__What is being asked__: Leave out the pictures and copy every record exactly.

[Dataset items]

◇ ◇ ◇ ◇

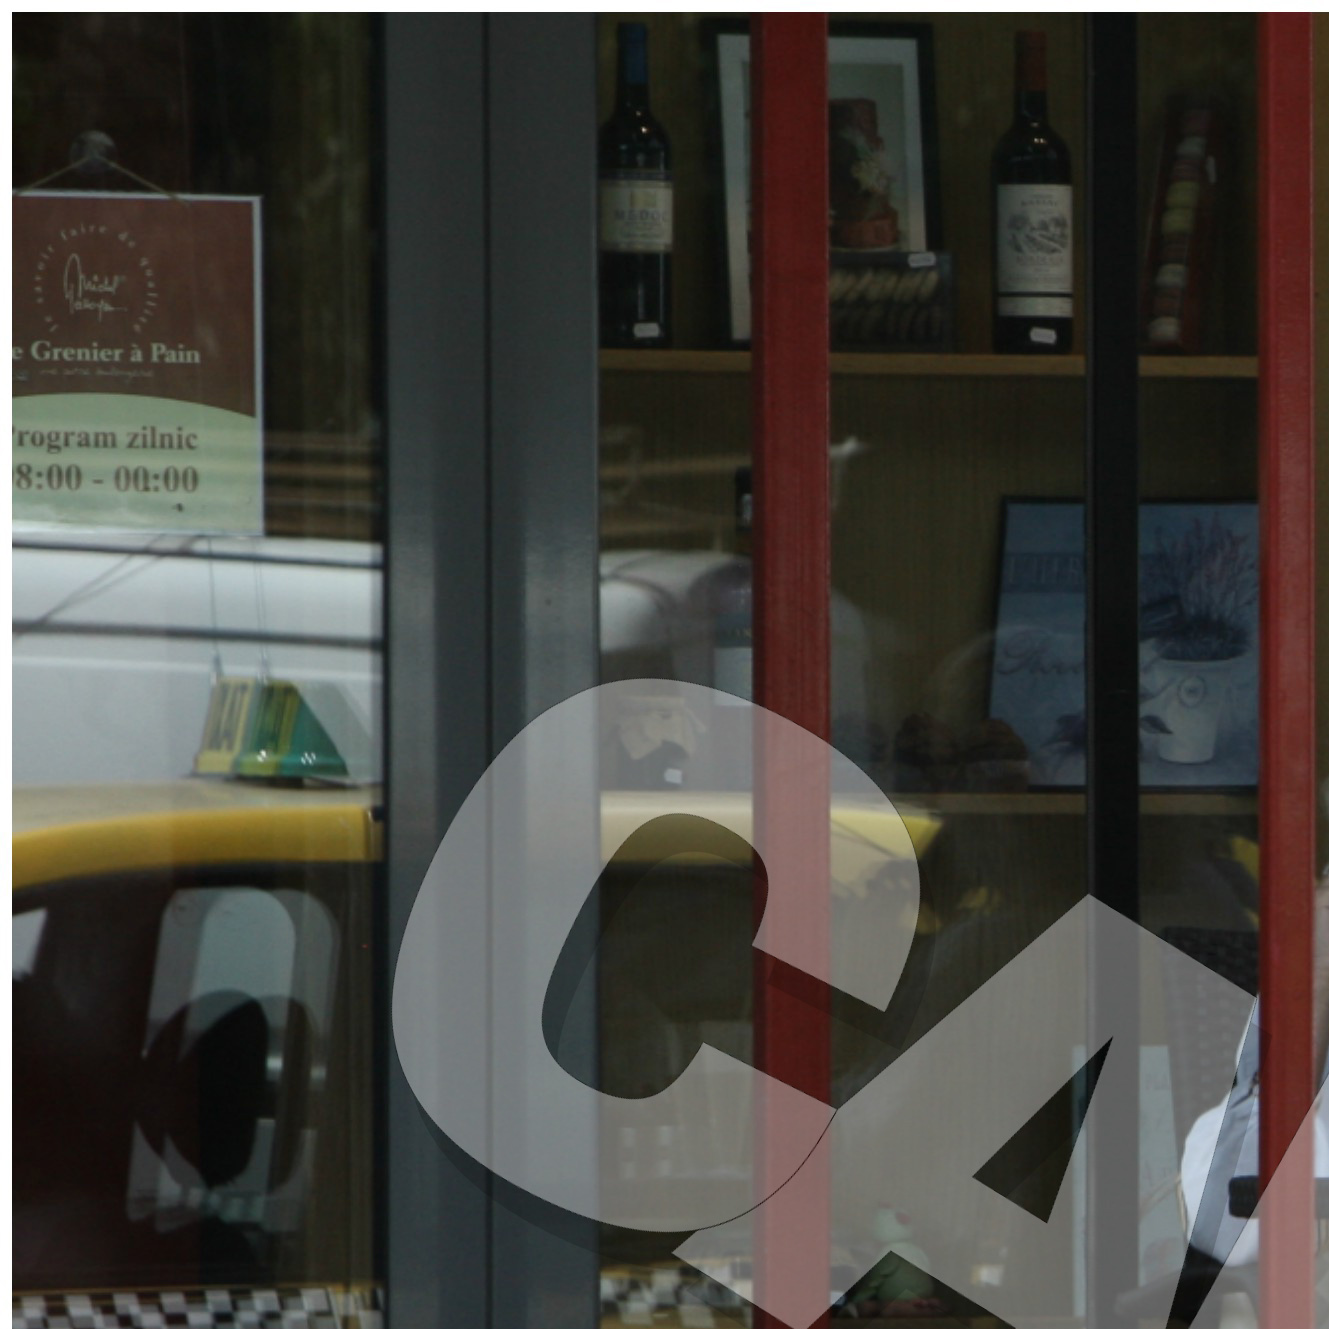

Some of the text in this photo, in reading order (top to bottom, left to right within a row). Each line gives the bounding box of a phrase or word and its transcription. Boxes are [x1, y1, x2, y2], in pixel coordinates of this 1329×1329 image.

[31, 340, 123, 363] Grenier
[130, 344, 144, 363] à
[150, 343, 201, 365] Pain
[12, 426, 199, 454] rogram zilnic
[12, 463, 83, 491] 8:00
[114, 465, 200, 493] 00:00
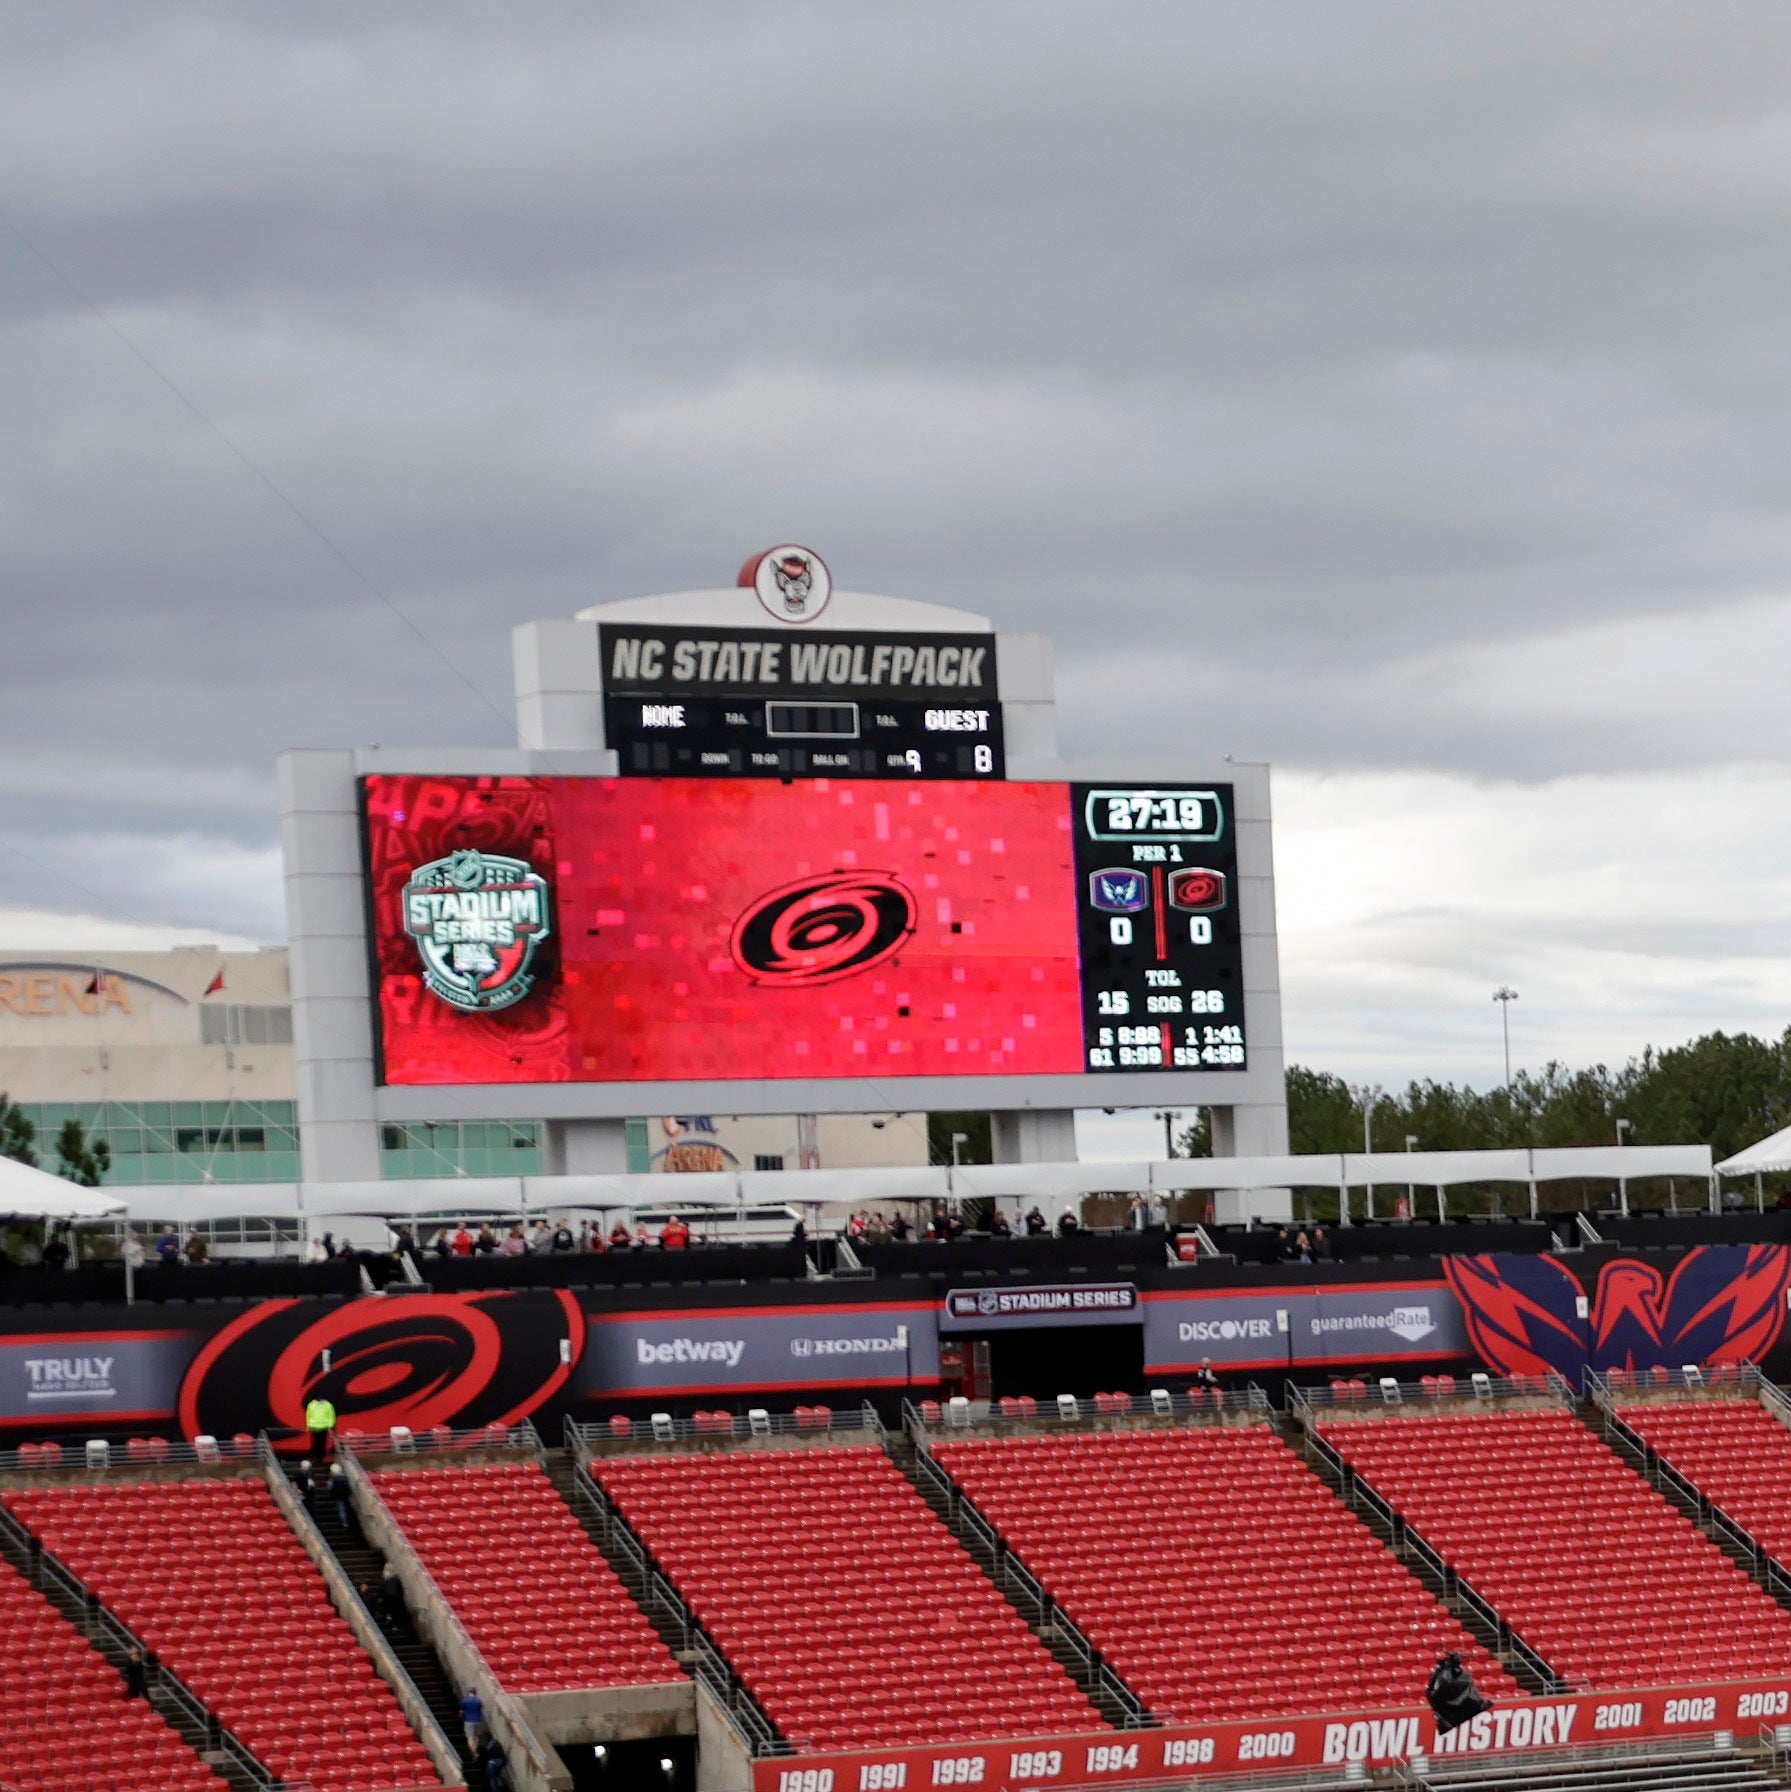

◇ ◇ ◇ ◇

__Result of this task__:
Some of the text in this photo, in reading order (top to bottom, left to right within a row). Each line gives the bounding box of a phrase or word and its transcription. Boxes are [x1, y1, x2, y2], in pixel coordinates of this 1329×1329 image.

[31, 340, 123, 363] Grenier
[130, 344, 144, 363] à
[150, 343, 201, 365] Pain
[12, 426, 199, 454] rogram zilnic
[12, 463, 83, 491] 8:00
[114, 465, 200, 493] 00:00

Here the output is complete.